◆ DATA SHOWN ◆
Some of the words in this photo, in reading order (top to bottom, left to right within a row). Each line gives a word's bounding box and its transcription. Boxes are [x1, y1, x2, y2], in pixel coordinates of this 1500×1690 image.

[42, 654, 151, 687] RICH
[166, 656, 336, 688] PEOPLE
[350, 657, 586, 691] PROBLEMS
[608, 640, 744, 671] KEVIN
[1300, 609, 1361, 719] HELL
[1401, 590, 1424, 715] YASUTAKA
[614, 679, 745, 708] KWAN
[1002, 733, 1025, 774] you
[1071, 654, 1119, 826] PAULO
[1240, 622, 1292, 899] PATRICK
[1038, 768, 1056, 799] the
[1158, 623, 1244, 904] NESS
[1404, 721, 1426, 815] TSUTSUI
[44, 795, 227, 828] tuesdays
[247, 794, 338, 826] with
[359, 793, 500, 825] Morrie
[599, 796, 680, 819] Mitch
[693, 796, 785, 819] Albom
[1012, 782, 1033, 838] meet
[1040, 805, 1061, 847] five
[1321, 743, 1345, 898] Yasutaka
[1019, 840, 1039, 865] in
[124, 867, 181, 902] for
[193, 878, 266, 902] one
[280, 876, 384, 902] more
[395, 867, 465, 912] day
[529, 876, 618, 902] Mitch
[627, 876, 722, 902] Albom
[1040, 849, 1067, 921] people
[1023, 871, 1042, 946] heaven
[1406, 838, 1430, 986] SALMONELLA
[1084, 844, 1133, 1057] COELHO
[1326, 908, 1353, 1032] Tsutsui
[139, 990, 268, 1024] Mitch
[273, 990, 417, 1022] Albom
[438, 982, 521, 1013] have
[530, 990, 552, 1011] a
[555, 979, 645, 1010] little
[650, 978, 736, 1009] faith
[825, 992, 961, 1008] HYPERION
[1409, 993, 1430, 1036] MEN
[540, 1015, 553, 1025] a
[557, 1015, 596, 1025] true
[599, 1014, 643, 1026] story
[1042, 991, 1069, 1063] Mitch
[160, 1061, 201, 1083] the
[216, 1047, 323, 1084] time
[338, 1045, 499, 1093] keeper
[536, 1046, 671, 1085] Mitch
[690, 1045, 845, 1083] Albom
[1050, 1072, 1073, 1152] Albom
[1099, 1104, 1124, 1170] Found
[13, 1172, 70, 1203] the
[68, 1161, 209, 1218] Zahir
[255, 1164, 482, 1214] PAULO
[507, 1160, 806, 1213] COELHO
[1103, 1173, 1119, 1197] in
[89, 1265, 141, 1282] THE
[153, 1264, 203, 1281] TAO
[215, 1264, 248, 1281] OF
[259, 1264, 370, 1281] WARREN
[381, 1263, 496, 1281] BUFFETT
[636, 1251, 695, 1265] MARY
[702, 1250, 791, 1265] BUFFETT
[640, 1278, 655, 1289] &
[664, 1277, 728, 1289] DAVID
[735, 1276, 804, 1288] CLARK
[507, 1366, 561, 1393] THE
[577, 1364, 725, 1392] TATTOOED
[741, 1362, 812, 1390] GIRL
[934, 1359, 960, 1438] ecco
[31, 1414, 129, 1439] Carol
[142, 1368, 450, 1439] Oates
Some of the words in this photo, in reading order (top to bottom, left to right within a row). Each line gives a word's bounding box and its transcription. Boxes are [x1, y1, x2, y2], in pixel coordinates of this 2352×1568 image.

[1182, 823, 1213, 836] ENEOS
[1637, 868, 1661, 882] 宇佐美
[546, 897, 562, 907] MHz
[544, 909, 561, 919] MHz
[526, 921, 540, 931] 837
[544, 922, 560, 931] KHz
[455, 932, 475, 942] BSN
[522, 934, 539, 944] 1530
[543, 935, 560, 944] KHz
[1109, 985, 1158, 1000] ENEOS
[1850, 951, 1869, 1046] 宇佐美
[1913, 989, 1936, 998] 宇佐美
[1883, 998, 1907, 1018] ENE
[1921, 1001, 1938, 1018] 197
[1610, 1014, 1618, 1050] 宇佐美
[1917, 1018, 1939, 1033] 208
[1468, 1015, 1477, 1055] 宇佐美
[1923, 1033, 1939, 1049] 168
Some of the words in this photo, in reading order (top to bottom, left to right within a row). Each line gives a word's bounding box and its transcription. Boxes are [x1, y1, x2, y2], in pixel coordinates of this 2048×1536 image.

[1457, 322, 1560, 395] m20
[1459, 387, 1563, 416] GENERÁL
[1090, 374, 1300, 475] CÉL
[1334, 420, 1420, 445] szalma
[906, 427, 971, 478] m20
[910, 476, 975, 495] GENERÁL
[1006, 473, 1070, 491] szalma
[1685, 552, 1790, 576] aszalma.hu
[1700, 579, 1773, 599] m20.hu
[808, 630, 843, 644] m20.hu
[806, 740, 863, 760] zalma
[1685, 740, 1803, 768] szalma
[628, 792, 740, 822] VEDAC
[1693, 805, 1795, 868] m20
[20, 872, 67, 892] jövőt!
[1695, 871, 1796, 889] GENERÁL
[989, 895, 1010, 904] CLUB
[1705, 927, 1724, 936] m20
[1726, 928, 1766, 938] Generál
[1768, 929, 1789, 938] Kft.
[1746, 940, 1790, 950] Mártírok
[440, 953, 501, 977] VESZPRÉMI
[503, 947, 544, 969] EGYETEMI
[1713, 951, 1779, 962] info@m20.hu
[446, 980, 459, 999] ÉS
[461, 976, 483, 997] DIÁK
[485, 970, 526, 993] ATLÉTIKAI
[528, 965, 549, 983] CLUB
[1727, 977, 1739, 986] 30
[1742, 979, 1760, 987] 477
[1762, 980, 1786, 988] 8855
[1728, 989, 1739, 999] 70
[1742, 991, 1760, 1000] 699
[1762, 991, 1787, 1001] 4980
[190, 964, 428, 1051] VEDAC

◆ TASK OBJECTIVE ◆
Task for the records above: copy every line in which the word "CLUB" occurs.

◆ ANSWER BOX ◆
[989, 895, 1010, 904] CLUB
[528, 965, 549, 983] CLUB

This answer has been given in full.